The dollar reached a new peak against the yen, approaching JPY158.20 early today, before experiencing widespread selling pressure. The value decreased to nearly JPY157.50. It attempted to advance but established a lower high. The dollar has remained below JPY158 during European trading hours. Options for $1.45 billion expire in North America today. Sterling is exhibiting characteristics of a potential bullish outside up day. It fluctuated around last Friday’s range and is currently above its high (~$1.3450). The session high was observed near $1.3475 during the European morning hours. Resistance is observed in the $1.3480–$1.3500 range. The greenback has remained within the pre-weekend range against the Canadian dollar (~CAD1.3860–CAD1.3920). Support could be observed around CAD1.3840, coinciding with the expiration of nearly $560 million in options. The Australian dollar has rebounded from last Friday’s low around $0.6665 to approximately $0.6715. The intraday momentum indicators are currently stretched; however, there is potential for an upside extension towards the $0.6730 region in North America.

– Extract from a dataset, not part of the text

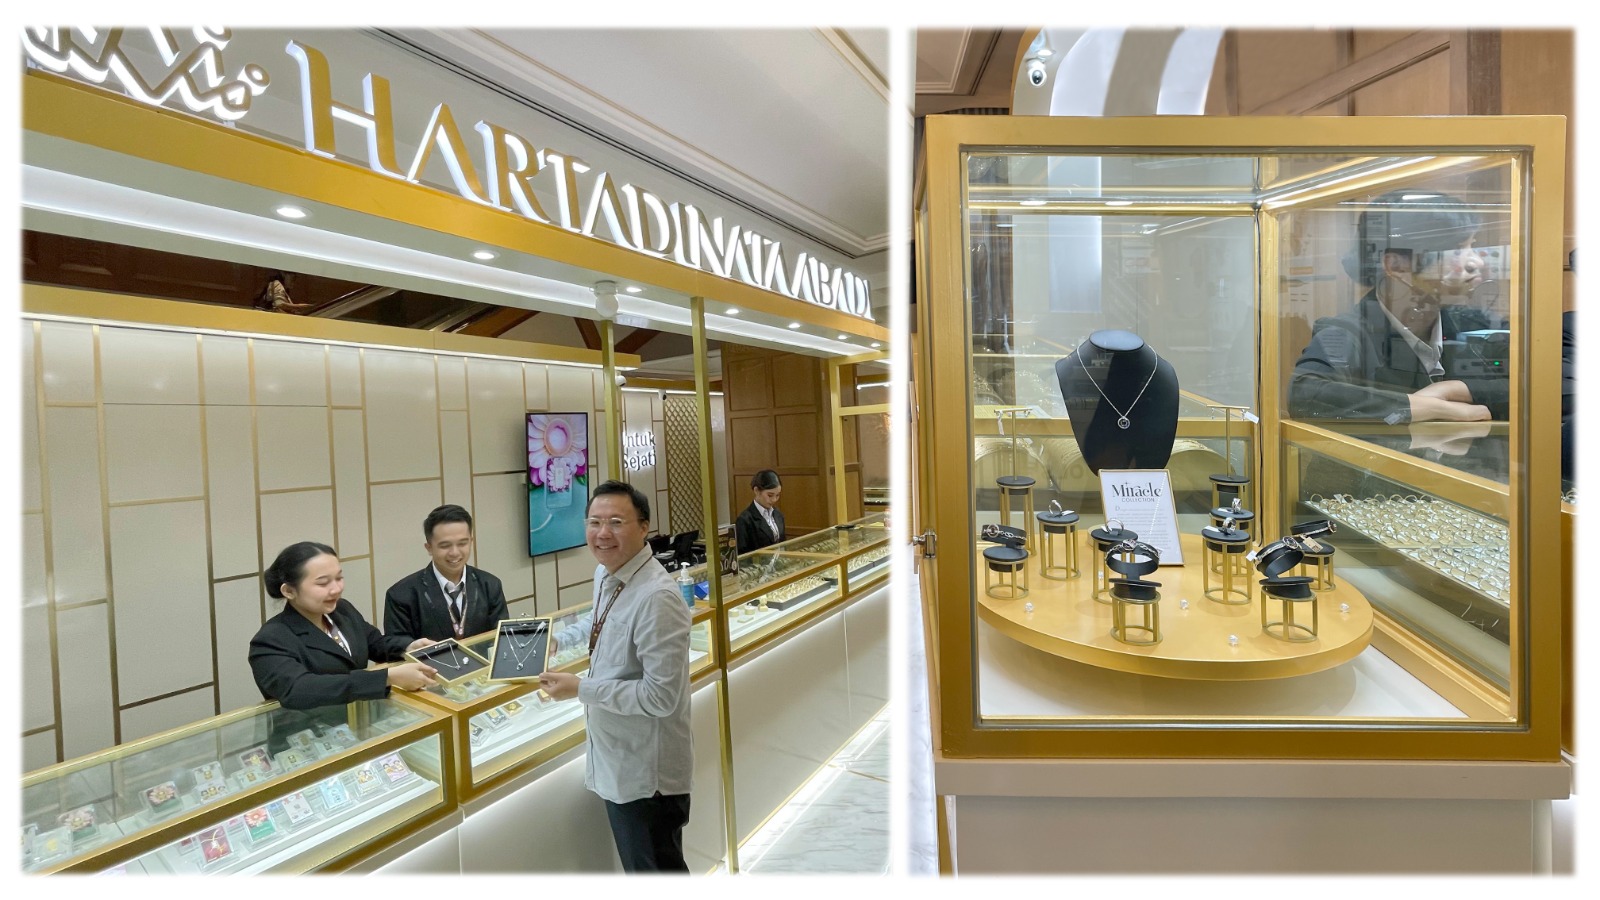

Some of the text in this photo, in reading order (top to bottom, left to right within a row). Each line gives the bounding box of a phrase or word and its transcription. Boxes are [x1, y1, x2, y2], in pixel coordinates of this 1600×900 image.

The dollar faced resistance before the weekend, hovering around MXN18.04. It closed under MXN18.00 and was traded at MXN17.8965 today. A shelf was established in the initial days of the year around MXN17.87. The PBOC established the dollar’s fix today at CNY7.0108, marking a new low since October 2024. The greenback was traded at CNH7.9660 against the offshore yuan, marking a new low since May 2023, with a possibility of a decline to CNH6.80. Indications suggest the dollar initially appreciated by approximately 4.1% against the Venezuelan bolivar last week, marking its 23rd consecutive weekly gain. The dollar experienced a decline of nearly 0.70% against the Argentine peso last week, its first weekly drop in five weeks, after Treasury Secretary Bessent announced that Argentina repaid its swap line borrowings, eliminating the Exchange Stabilization Fund’s exposure to the peso.